Having read the entries, repeat all of them exactly.

Text-to-region grounding data:
::::::::

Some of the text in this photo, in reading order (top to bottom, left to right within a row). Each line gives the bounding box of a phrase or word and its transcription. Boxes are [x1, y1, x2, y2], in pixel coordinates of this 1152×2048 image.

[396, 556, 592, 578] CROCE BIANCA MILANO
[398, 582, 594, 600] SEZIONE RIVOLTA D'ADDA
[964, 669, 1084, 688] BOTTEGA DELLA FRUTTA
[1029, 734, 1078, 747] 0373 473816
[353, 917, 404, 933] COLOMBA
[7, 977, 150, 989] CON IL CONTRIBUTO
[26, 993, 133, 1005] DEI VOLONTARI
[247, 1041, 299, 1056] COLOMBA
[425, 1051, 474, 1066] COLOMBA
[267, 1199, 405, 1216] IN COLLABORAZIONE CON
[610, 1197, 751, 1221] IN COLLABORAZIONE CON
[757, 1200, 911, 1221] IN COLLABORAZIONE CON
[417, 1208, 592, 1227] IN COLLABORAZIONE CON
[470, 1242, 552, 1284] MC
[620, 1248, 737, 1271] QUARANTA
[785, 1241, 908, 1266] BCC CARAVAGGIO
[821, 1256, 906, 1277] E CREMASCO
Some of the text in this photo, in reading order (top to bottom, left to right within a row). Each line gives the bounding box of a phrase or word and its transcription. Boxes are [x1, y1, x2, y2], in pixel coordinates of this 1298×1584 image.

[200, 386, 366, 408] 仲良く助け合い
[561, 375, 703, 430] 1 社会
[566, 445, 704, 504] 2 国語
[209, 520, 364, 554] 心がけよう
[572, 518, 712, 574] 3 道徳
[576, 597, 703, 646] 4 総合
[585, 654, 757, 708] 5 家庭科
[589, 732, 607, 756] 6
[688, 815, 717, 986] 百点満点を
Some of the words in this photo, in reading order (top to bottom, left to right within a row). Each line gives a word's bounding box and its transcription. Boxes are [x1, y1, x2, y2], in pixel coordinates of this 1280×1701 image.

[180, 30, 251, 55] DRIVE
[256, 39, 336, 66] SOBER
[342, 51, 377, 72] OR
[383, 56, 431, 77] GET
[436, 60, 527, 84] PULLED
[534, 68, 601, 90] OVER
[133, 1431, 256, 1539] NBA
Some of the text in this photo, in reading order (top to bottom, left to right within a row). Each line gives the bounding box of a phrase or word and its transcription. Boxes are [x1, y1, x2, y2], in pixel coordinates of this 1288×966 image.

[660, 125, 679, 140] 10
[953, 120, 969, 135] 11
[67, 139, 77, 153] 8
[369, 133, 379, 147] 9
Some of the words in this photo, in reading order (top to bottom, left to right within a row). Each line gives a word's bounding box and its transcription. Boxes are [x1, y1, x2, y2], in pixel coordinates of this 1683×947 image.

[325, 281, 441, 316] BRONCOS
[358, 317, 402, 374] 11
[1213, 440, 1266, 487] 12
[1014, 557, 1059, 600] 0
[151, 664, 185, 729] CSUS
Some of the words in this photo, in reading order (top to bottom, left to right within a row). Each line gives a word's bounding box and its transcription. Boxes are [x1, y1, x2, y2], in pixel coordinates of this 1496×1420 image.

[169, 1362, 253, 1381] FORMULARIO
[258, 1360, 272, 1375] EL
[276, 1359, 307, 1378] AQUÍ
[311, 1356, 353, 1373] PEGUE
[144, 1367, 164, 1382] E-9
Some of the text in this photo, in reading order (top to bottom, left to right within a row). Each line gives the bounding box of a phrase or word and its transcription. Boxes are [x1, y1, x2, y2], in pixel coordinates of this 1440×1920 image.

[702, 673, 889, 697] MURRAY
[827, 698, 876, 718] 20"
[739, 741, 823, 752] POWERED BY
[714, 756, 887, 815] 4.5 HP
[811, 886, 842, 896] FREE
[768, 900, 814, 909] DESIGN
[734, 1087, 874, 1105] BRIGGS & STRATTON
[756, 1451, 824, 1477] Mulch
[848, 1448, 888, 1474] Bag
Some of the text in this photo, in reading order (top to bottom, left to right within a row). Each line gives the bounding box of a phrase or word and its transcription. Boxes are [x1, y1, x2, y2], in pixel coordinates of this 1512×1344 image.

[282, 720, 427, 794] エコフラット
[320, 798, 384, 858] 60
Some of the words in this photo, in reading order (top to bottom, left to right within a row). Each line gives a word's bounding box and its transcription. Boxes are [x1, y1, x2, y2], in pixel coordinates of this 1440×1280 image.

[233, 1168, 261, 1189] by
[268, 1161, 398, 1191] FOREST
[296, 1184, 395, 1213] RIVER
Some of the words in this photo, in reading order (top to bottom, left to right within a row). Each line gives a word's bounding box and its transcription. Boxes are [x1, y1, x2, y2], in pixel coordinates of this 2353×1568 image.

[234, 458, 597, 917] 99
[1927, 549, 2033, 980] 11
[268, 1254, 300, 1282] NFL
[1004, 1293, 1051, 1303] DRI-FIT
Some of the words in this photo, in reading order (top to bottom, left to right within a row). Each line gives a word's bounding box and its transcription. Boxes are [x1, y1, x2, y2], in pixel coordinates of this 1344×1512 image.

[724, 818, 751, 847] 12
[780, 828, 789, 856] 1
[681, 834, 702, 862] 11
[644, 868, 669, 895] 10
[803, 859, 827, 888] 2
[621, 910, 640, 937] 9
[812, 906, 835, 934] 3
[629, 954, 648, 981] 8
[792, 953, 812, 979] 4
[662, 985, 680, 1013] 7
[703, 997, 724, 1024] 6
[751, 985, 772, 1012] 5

::::::::

- EXERCISE RESPONSE:
Some of the text in this photo, in reading order (top to bottom, left to right within a row). Each line gives the bounding box of a phrase or word and its transcription. Boxes are [x1, y1, x2, y2], in pixel coordinates of this 1152×2048 image.

[396, 556, 592, 578] CROCE BIANCA MILANO
[398, 582, 594, 600] SEZIONE RIVOLTA D'ADDA
[964, 669, 1084, 688] BOTTEGA DELLA FRUTTA
[1029, 734, 1078, 747] 0373 473816
[353, 917, 404, 933] COLOMBA
[7, 977, 150, 989] CON IL CONTRIBUTO
[26, 993, 133, 1005] DEI VOLONTARI
[247, 1041, 299, 1056] COLOMBA
[425, 1051, 474, 1066] COLOMBA
[267, 1199, 405, 1216] IN COLLABORAZIONE CON
[610, 1197, 751, 1221] IN COLLABORAZIONE CON
[757, 1200, 911, 1221] IN COLLABORAZIONE CON
[417, 1208, 592, 1227] IN COLLABORAZIONE CON
[470, 1242, 552, 1284] MC
[620, 1248, 737, 1271] QUARANTA
[785, 1241, 908, 1266] BCC CARAVAGGIO
[821, 1256, 906, 1277] E CREMASCO
Some of the text in this photo, in reading order (top to bottom, left to right within a row). Each line gives the bounding box of a phrase or word and its transcription. Boxes are [x1, y1, x2, y2], in pixel coordinates of this 1298×1584 image.

[200, 386, 366, 408] 仲良く助け合い
[561, 375, 703, 430] 1 社会
[566, 445, 704, 504] 2 国語
[209, 520, 364, 554] 心がけよう
[572, 518, 712, 574] 3 道徳
[576, 597, 703, 646] 4 総合
[585, 654, 757, 708] 5 家庭科
[589, 732, 607, 756] 6
[688, 815, 717, 986] 百点満点を
Some of the words in this photo, in reading order (top to bottom, left to right within a row). Each line gives a word's bounding box and its transcription. Boxes are [x1, y1, x2, y2], in pixel coordinates of this 1280×1701 image.

[180, 30, 251, 55] DRIVE
[256, 39, 336, 66] SOBER
[342, 51, 377, 72] OR
[383, 56, 431, 77] GET
[436, 60, 527, 84] PULLED
[534, 68, 601, 90] OVER
[133, 1431, 256, 1539] NBA
Some of the text in this photo, in reading order (top to bottom, left to right within a row). Each line gives the bounding box of a phrase or word and its transcription. Boxes are [x1, y1, x2, y2], in pixel coordinates of this 1288×966 image.

[660, 125, 679, 140] 10
[953, 120, 969, 135] 11
[67, 139, 77, 153] 8
[369, 133, 379, 147] 9
Some of the words in this photo, in reading order (top to bottom, left to right within a row). Each line gives a word's bounding box and its transcription. Boxes are [x1, y1, x2, y2], in pixel coordinates of this 1683×947 image.

[325, 281, 441, 316] BRONCOS
[358, 317, 402, 374] 11
[1213, 440, 1266, 487] 12
[1014, 557, 1059, 600] 0
[151, 664, 185, 729] CSUS
Some of the words in this photo, in reading order (top to bottom, left to right within a row). Each line gives a word's bounding box and its transcription. Boxes are [x1, y1, x2, y2], in pixel coordinates of this 1496×1420 image.

[169, 1362, 253, 1381] FORMULARIO
[258, 1360, 272, 1375] EL
[276, 1359, 307, 1378] AQUÍ
[311, 1356, 353, 1373] PEGUE
[144, 1367, 164, 1382] E-9
Some of the text in this photo, in reading order (top to bottom, left to right within a row). Each line gives the bounding box of a phrase or word and its transcription. Boxes are [x1, y1, x2, y2], in pixel coordinates of this 1440×1920 image.

[702, 673, 889, 697] MURRAY
[827, 698, 876, 718] 20"
[739, 741, 823, 752] POWERED BY
[714, 756, 887, 815] 4.5 HP
[811, 886, 842, 896] FREE
[768, 900, 814, 909] DESIGN
[734, 1087, 874, 1105] BRIGGS & STRATTON
[756, 1451, 824, 1477] Mulch
[848, 1448, 888, 1474] Bag
Some of the text in this photo, in reading order (top to bottom, left to right within a row). Each line gives the bounding box of a phrase or word and its transcription. Boxes are [x1, y1, x2, y2], in pixel coordinates of this 1512×1344 image.

[282, 720, 427, 794] エコフラット
[320, 798, 384, 858] 60
Some of the words in this photo, in reading order (top to bottom, left to right within a row). Each line gives a word's bounding box and its transcription. Boxes are [x1, y1, x2, y2], in pixel coordinates of this 1440×1280 image.

[233, 1168, 261, 1189] by
[268, 1161, 398, 1191] FOREST
[296, 1184, 395, 1213] RIVER
Some of the words in this photo, in reading order (top to bottom, left to right within a row). Each line gives a word's bounding box and its transcription. Boxes are [x1, y1, x2, y2], in pixel coordinates of this 2353×1568 image.

[234, 458, 597, 917] 99
[1927, 549, 2033, 980] 11
[268, 1254, 300, 1282] NFL
[1004, 1293, 1051, 1303] DRI-FIT
Some of the words in this photo, in reading order (top to bottom, left to right within a row). Each line gives a word's bounding box and its transcription. Boxes are [x1, y1, x2, y2], in pixel coordinates of this 1344×1512 image.

[724, 818, 751, 847] 12
[780, 828, 789, 856] 1
[681, 834, 702, 862] 11
[644, 868, 669, 895] 10
[803, 859, 827, 888] 2
[621, 910, 640, 937] 9
[812, 906, 835, 934] 3
[629, 954, 648, 981] 8
[792, 953, 812, 979] 4
[662, 985, 680, 1013] 7
[703, 997, 724, 1024] 6
[751, 985, 772, 1012] 5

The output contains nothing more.